La signora ultrasessantenne, che farebbe meglio a stringere in mano un rosario e a tener quiete le coronarie, comincia a borbottare ad alta voce – lo facessimo a Catania o a Ragusa, il nostro vicino (che sia un tantino garbato) si schiferebbe di salutarci il giorno dopo. Ma la signora mostra un marcato accento milanese: crede di potersi permettere qualsiasi deroga al galateo. E così che passa in rassegna i triti luoghi comuni della spocchia settentrionale, una sequela di idiozie (ormai politicamente corrette solo nella decadente Italia) che in altri stati civili basterebbe per metterti alla berlina. Primo, qui non capiamo niente. Secondo, qui siamo in Africa. Terzo, anzi: nel quarto mondo. Infine, qui siamo peggio degli arabi, anzi gli arabi sono più civili di noi (siciliani).

Anni da sguattera in qualche ristorante, o chi sa dove e come per guadagnare quei quattro spiccioli che permettano di pagare il soggiorno ad appena cinquanta euro di volo low cost da casa (e risparmiando su ombrellone e sdraio, andando a stenderti in una spiaggia libera tra tanti africani) senza poter profittare della vita intellettuale di una tra le più vivaci città del mondo; anni passati senza neppure sapere cosa si pensi lì dove è passata la vita civile e culturale del nostro paese, sempre in periferia, vicina ai rimpianti di una vita che, al di là delle Alpi, credi migliore; anni di bile vomitata su fantomatici nemici, considerato che con quelli veri sei costretta a chinar il capo e a mandar giù il rospo pur di arrivare a fine mese.

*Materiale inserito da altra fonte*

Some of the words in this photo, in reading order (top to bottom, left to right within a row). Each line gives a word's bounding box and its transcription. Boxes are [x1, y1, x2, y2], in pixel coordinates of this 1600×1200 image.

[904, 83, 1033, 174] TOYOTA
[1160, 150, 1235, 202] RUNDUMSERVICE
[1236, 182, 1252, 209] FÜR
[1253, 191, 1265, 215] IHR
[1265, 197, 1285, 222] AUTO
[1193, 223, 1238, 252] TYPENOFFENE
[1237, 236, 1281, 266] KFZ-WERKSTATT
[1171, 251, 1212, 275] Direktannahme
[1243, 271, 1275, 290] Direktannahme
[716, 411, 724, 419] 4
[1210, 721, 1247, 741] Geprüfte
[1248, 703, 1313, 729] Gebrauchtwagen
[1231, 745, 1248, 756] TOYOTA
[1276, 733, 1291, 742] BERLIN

È la vittoria del provincialismo sul ruolo guida di cui la città ha sempre goduto. L’Italia repubblicana che credeva chiusa e arretrata quella fascista, solo perché mutava in lingua nazionale i cognomi dal vago sapore esotico, oggi soccombe sotto una coltre di grettezza, meschinità e maleducazione paesana. Al nord come al sud: è il territorio che vince, quel territorio che non è quello colto da uno sguardo lucido sull’orizzonte del mondo. Il territorio abitato da gente miope, che nel piccolo borgo in cui trascorre la propria vita anonima, tra capre, vacche e lupi, si inventa filosofo e politico, artista e liturgista, nel disperato tentativo di credersi qualcosa di più di ciò che è: sterco di mediocrità. Non più il contadino che viveva di civiltà, né il pastore che recitava versi in dialetto o perfino il sommo Poeta come neppure le pecore delle classi liceali sanno fare, ma branchi di buoi che seguono le mode del pettegolezzo, dimentichi della campagna che hanno lasciato e mai padroni della città che abitano. Sempre alla periferia della storia che conta, delle idee che formano, della vita che vale.

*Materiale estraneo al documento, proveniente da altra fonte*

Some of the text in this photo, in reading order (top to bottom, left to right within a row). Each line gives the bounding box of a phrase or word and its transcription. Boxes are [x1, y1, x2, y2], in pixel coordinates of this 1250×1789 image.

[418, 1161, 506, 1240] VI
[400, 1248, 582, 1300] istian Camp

È lo specchio dell’Italia cafona che viviamo: potremmo citare casi altrettanto paradigmatici il cui protagonista è un Sud borioso, a cui è stato dato un camice da medico, un timbro da ingegnere, una toga da avvocato o da docente, e ha poi dimenticato i piedi che ha leccato per arrivare lì dove è arrivato.

La signora -per la cronaca- indica alla nipotina la villeggiante tedesca del giorno prima. La Padania che vuole entrare, da sola, nell’Europa che conta. La signora tedesca rimane, però, tutto il tempo di spalle, mostrandole il grosso ammasso di cellulite a forma di deretano. Non la guarda nemmeno, a stento risponde al saluto, e la nostra compatriota, che voleva essere considerata un po’ di più della gretta paesanotta che è, rimane a fissare il mare africano, dettando ordini ad un marito inconcludente e a una discola nipotina. Che neppure l’ascolta.

Pubblicato su www.cataniapolitica.it il 20 luglio 2010.